И он закивал головой, без особого, правда, восторга глядя на сотни и сотни тонн песка, камней и огромных глыб, все это наступало на лес и почти погребло множество буков, от которых виднелось лишь несколько веток: Рейлан не замечал, что его строительная площадка приобрела странный, почти чудовищный вид; а тот стоял, разинув рот, — конечно, дочка его предупреждала, но он не верил, пока сам не увидел.

— Ну, и до чего ты теперь докопался?

Абель принялся свертывать цигарку, сделав знак, что дела идут нормально.

— Ты мне не покажешь свою яму?

Его яму!

Рейлана это сильно покоробило. Тем не менее он решил выдержать роль до конца и осадить старика не руганью, а показав ему, на что способен человек, который еще не собирается подыхать.

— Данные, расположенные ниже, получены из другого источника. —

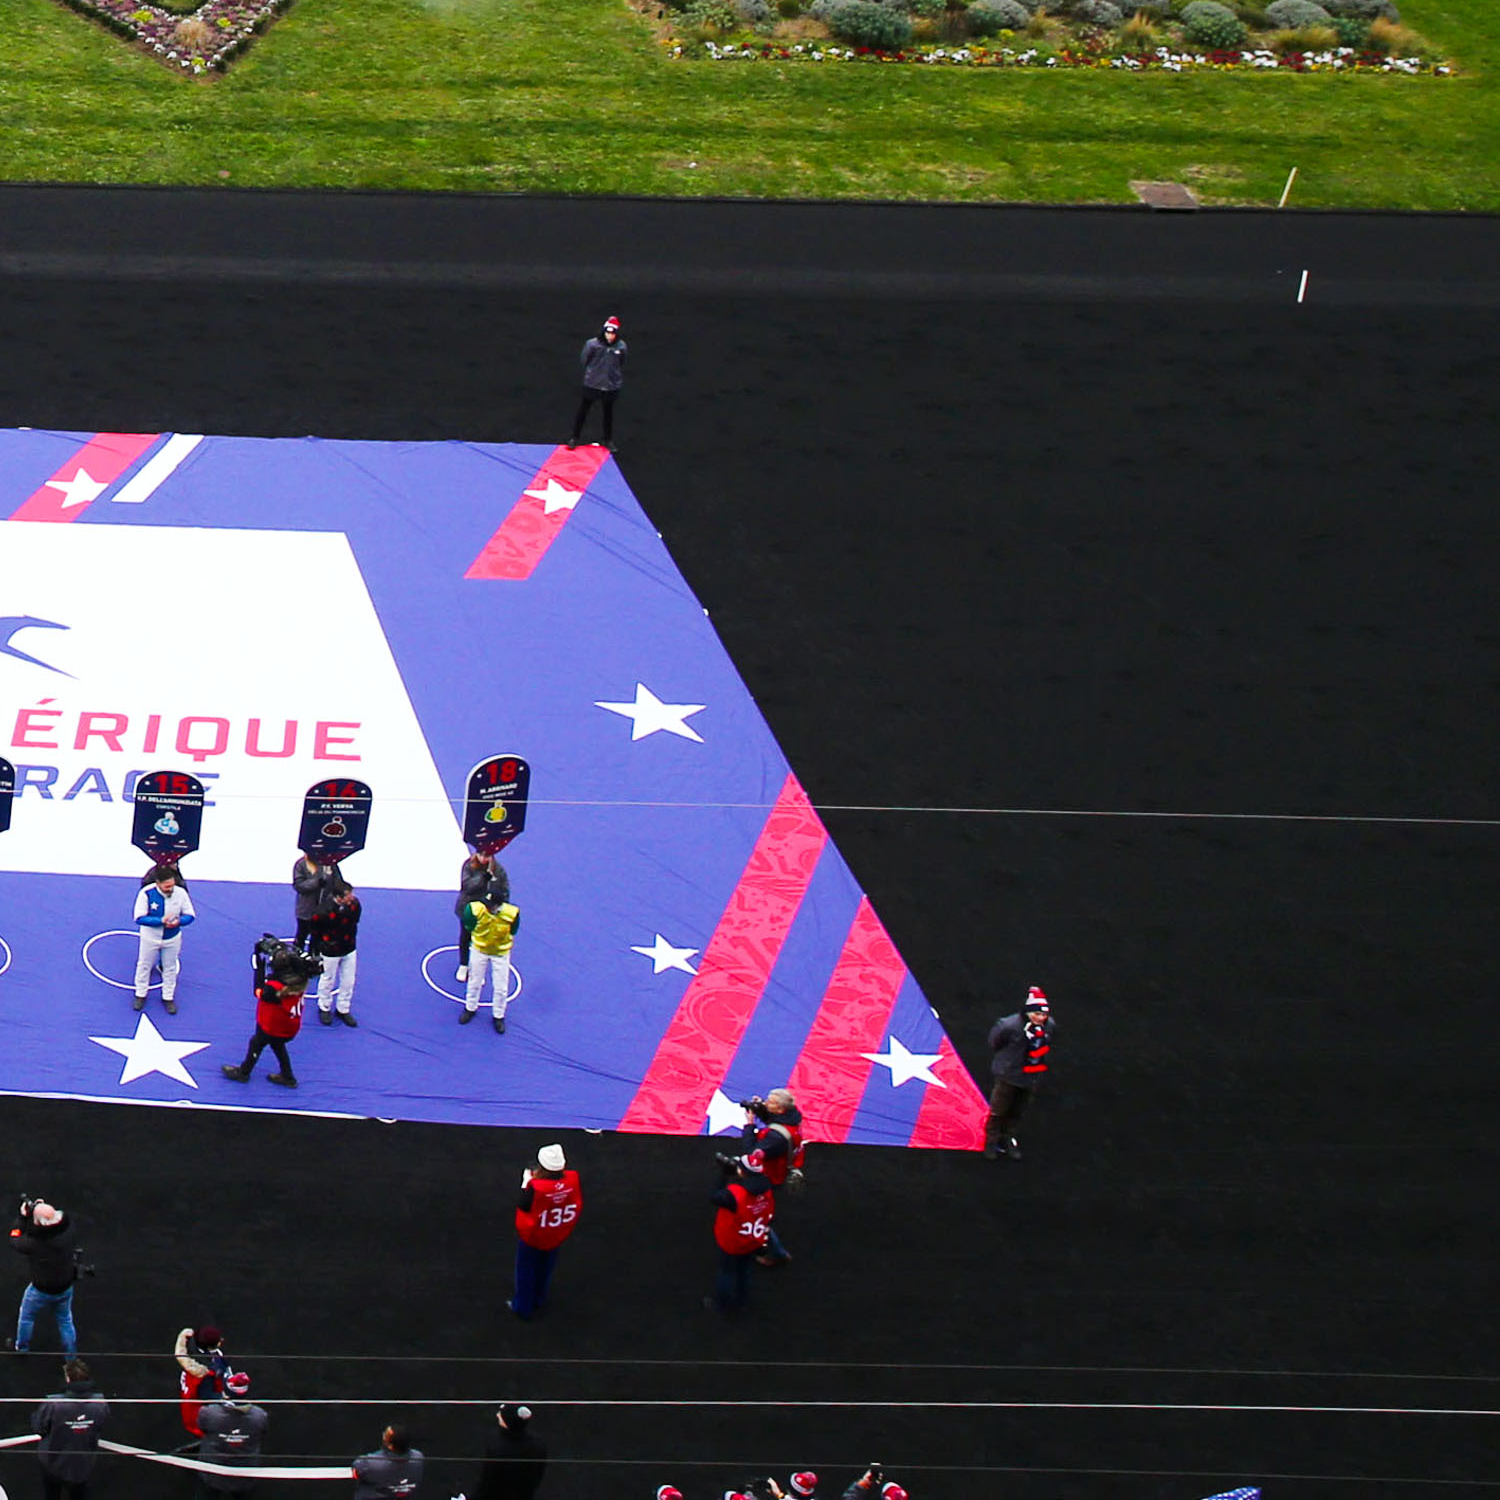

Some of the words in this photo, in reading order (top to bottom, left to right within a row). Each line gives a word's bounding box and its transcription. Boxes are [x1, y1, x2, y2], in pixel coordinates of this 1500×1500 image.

[487, 760, 518, 785] 18
[155, 774, 190, 795] 15
[325, 782, 358, 802] 16
[539, 1204, 577, 1228] 135
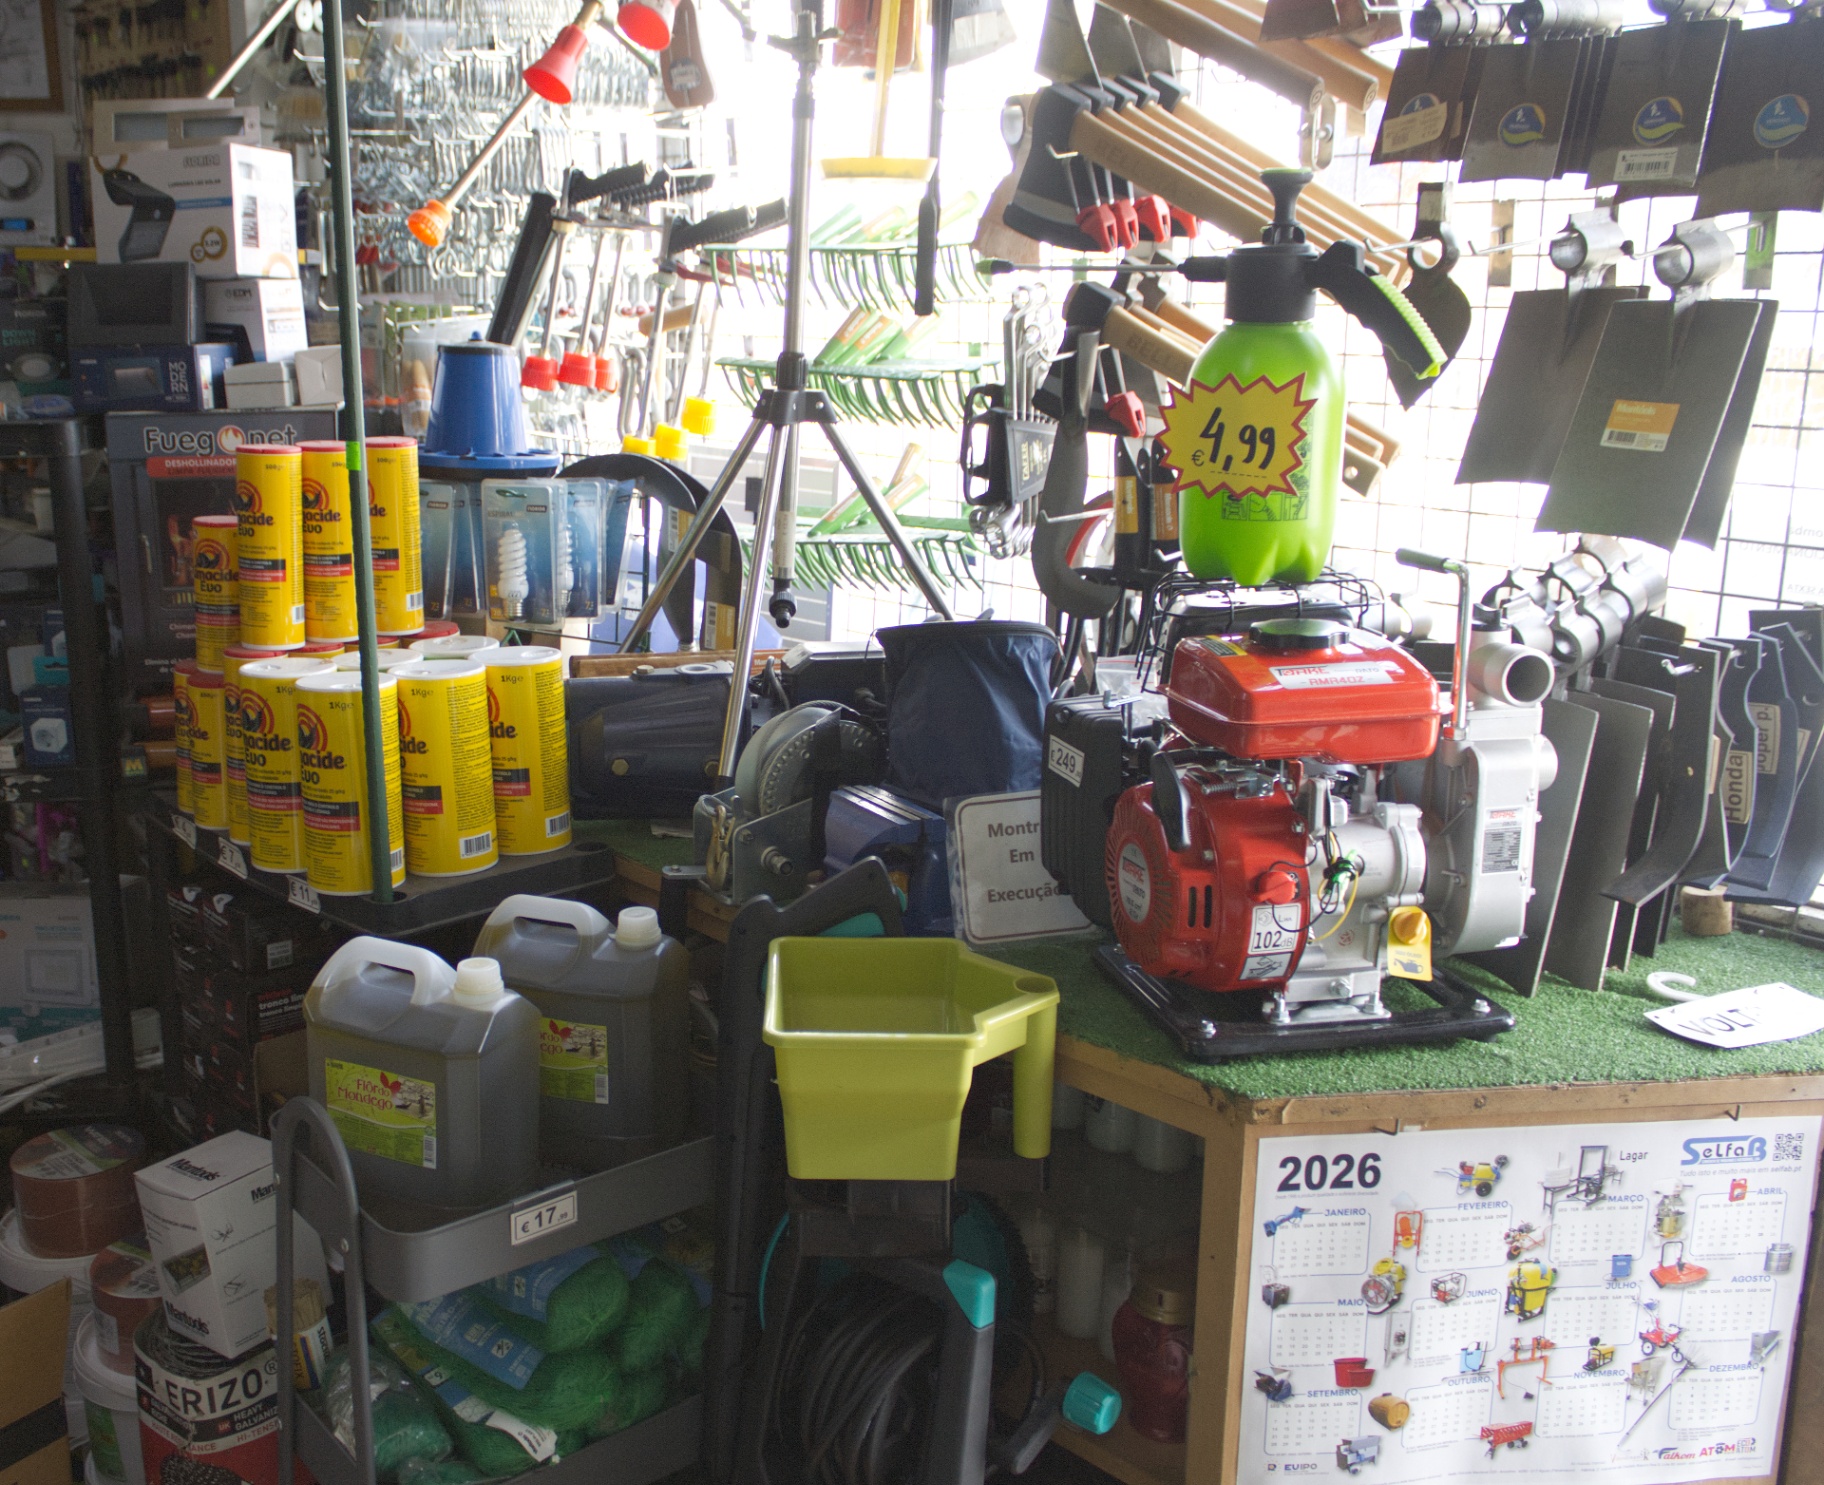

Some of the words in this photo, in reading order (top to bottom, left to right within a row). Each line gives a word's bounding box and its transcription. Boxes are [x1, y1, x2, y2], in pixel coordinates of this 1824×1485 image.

[233, 288, 252, 298] EDM
[1199, 406, 1276, 471] 4,99
[1724, 754, 1742, 822] Honda
[987, 821, 1040, 838] Montr
[1010, 848, 1035, 864] Em
[258, 997, 290, 1011] tronco
[337, 1086, 394, 1111] Mondego
[1619, 1150, 1648, 1164] Lagar
[1277, 1152, 1382, 1192] 2026
[1680, 1169, 1697, 1178] Tudo
[1718, 1168, 1736, 1176] muito
[1737, 1167, 1757, 1176] mais
[1770, 1165, 1802, 1176] selfab.pt
[250, 1183, 275, 1202] Man
[1757, 1187, 1783, 1196] ABRIL
[1457, 1200, 1508, 1210] FEVEREIRO
[1608, 1194, 1644, 1205] MARÇO
[1324, 1208, 1367, 1217] JANEIRO
[522, 1221, 530, 1234] €
[1730, 1275, 1772, 1284] AGOSTO
[1605, 1282, 1637, 1290] JULHO
[1466, 1288, 1498, 1298] JUNHO
[1337, 1298, 1364, 1306] MAIO
[1709, 1362, 1760, 1373] DEZEMBRO
[1573, 1370, 1626, 1379] NOVEMBRO
[1448, 1376, 1491, 1387] OUTUBRO
[165, 1368, 263, 1418] ERIZO
[1307, 1389, 1358, 1398] SETEMBRO
[234, 1401, 264, 1422] HEAVY
[1284, 1463, 1318, 1471] EUIPO
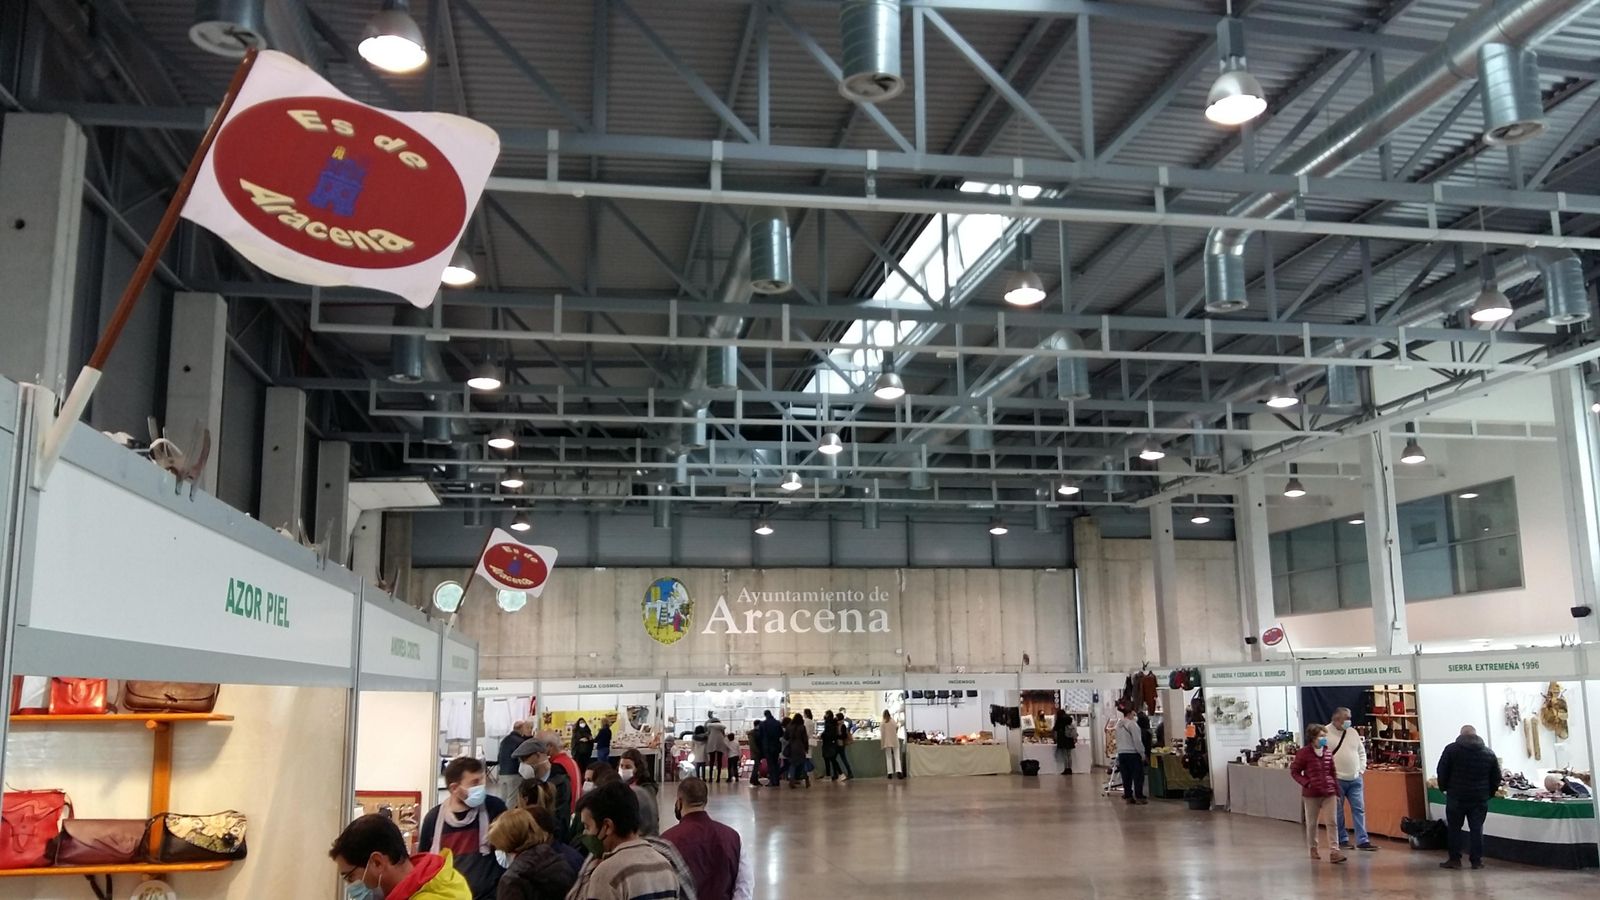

Он провел Деспека в туннель, зажигая по пути свечи, которые ставил через каждые пять-шесть метров, укрепляя их на балках в консервных банках; эта подземная иллюминация не могла не поразить старика, который пыхтел и отхаркивался у него за спиной, невольно втягивая голову в плечи. Через некоторое время они вышли, не обменявшись ни словом; Рейлан готов был дать голову на отсечение, что старик, пораженный увиденным, сдастся и поздравит его с успехом. Но у Деспека не было причин радоваться подвигу ради самого подвига, невзирая на результаты; подвиги уже были и есть, даже, можно сказать, чрезмерные в этой пропащей стране, где люди вечно увлекались безнадежными затеями, вели борьбу, обреченную на провал; террасы, защитные стены из сыпучего материала, камень за камнем на протяжении сотен и тысяч километров — новоявленный Геракл с его подвигами да и только. То, за что сам Деспек боролся всю свою жизнь: дороги, электрификация, создание сельскохозяйственных кооперативов, региональное движение, экономическая независимость, политическая сознательность — все это находилось в противоречии с частным характером нелепого предприятия, затеянного его зятем, при этой дикой диспропорции между возможным результатом и количеством затраченного изнурительного труда, скорее всего бесполезного, если подтвердятся подозрения; и не только бесполезного, но и преступного; Деспек был из тех прямодушных людей, кто яростно ненавидит все неразумное в жизни, не из умственной ограниченности и боязни неизвестного, а из страха пожертвовать тем, что есть, во имя того, чего, может быть, нет. Строительная площадка среди деревьев, вся эта затраченная энергия, которую можно было бы с пользой употребить в другом месте, только навлечет несчастье на семью и разорит землю (он видел по дороге, в каком запустении находились пашни). Дыра в горе, из которой извлекали сухие внутренности, явно свидетельствовала об отсутствии воды и была одновременно дырой и в рассудке его зятя, разъевшей его мозг, как гигантская раковая опухоль.